Più giù, tra i quattro del corso, dagli undici o dodici anni che aveva, mostrava anche lei la faccia adulta, non di morta bambina, come se nel breve tempo che l'avevano presa e messa al muro avesse di colpo fatta la strada che la separavi dall'essere adulta. La sua testa era piegata verso l'uomo morto al suo fianco, quasi recisa nel collo dalla scarica dei mitragliatori e i suoi capelli stavano nel sangue raggrumati, la sua faccia guardava seria la seria faccia dell'uomo che pendeva un poco dalla parte di lei.
Perché lei anche?
(…) Chi aveva colpito non poteva colpire di più nel segno.
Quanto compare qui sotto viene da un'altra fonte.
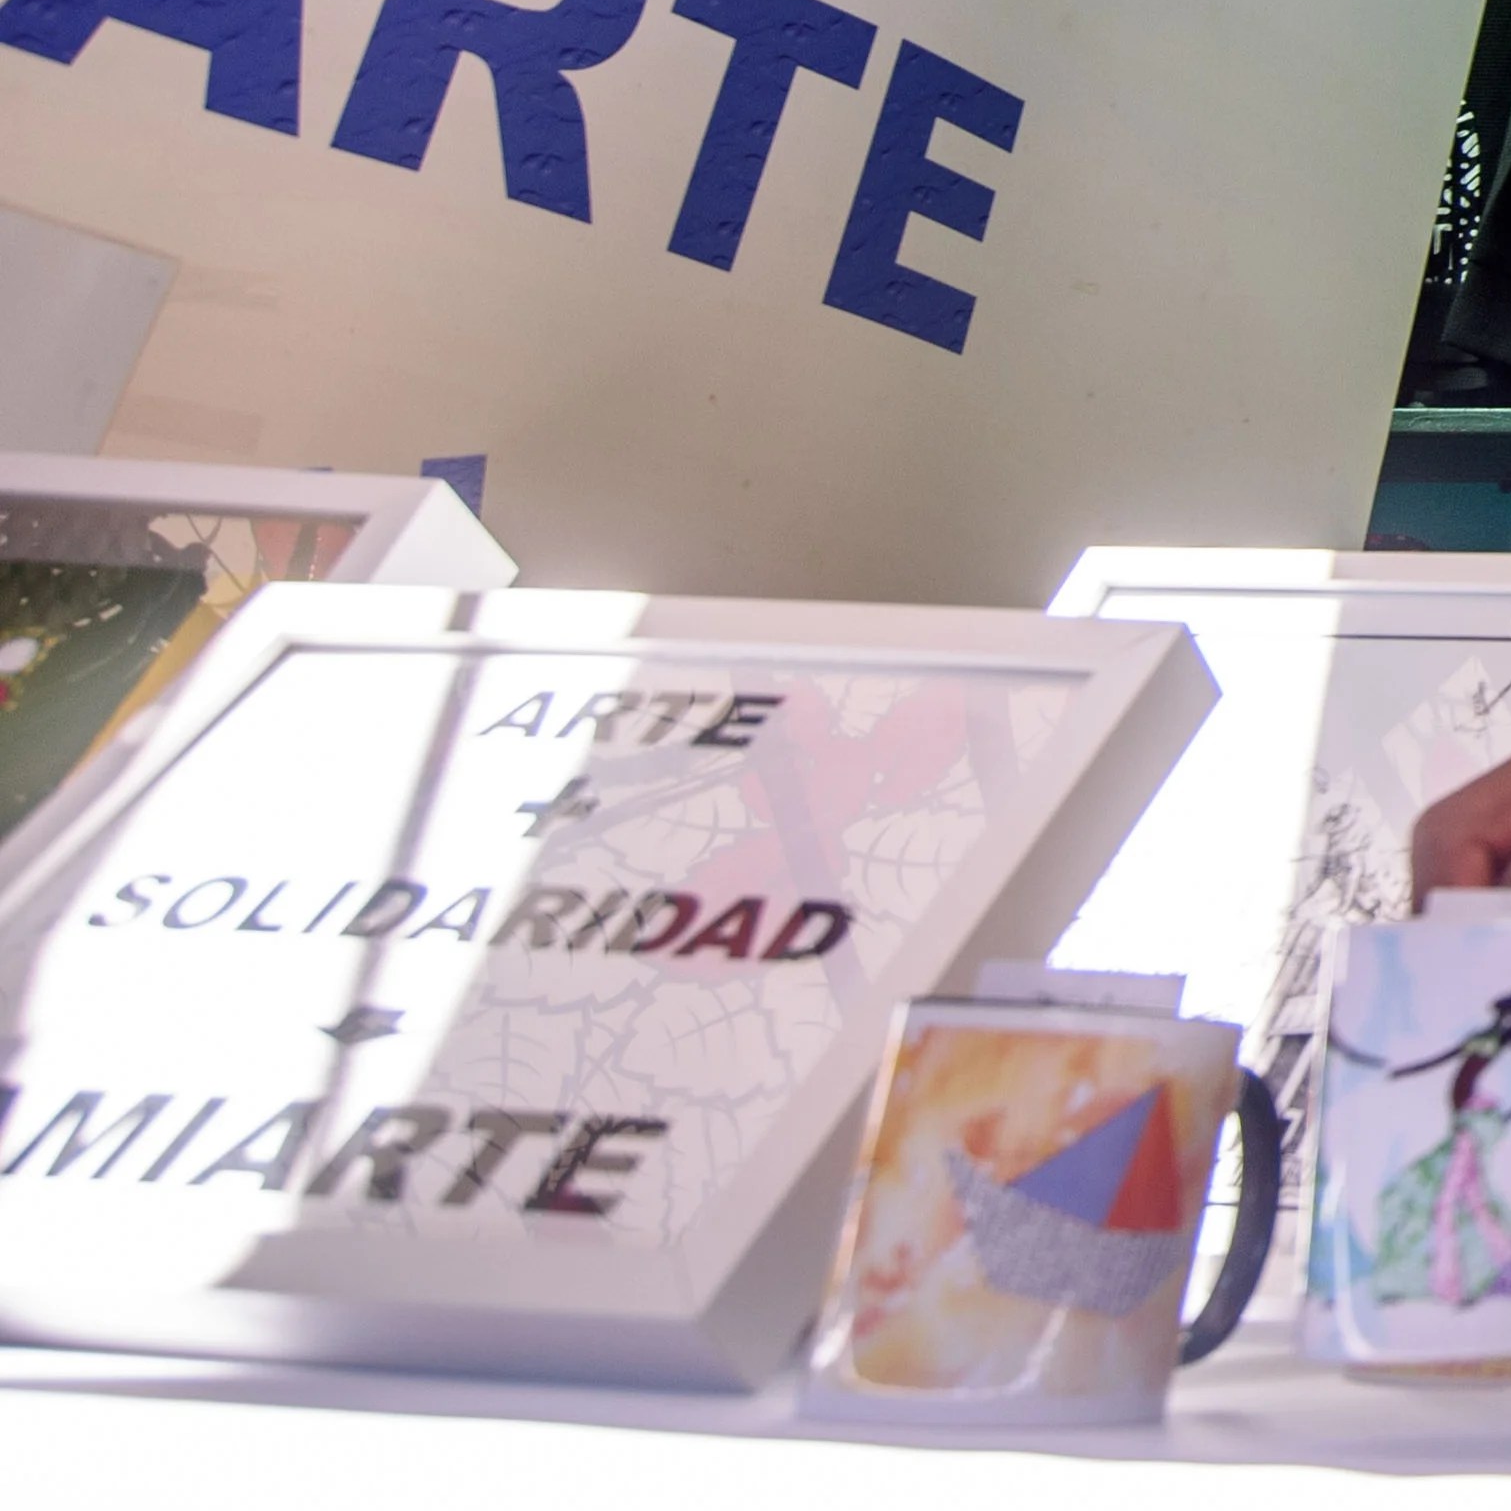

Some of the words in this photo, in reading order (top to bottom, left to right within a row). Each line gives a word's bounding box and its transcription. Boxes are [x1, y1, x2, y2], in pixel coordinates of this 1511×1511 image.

[477, 691, 786, 749] ARTE
[88, 874, 857, 962] SOLIDARIDAD
[0, 1085, 669, 1216] MIARTE
In una bambina e in un vecchio, in due ragazzi di quindici anni, in una donna, in un'altra donna: questo era il modo migliore di colpir l'uomo. Colpirlo dove l'uomo era più debole, dove aveva l'infanzia, dove aveva la vecchiaia, dove aveva la sua costola staccata e il cuore scoperto: dov'era più uomo. Chi aveva colpito voleva essere il lupo, far paura all'uomo. Non voleva fargli paura? E questo modo di colpire era il migliore che credesse di avere il lupo per fargli paura.
Però nessuno, nella folla, sembrava aver paura”.
Da Elio Vittorini, Uomini e no
Ancora oggi cercano di governare mettendoci paura, paura dell’altro… Non ci devono riuscire…Mai.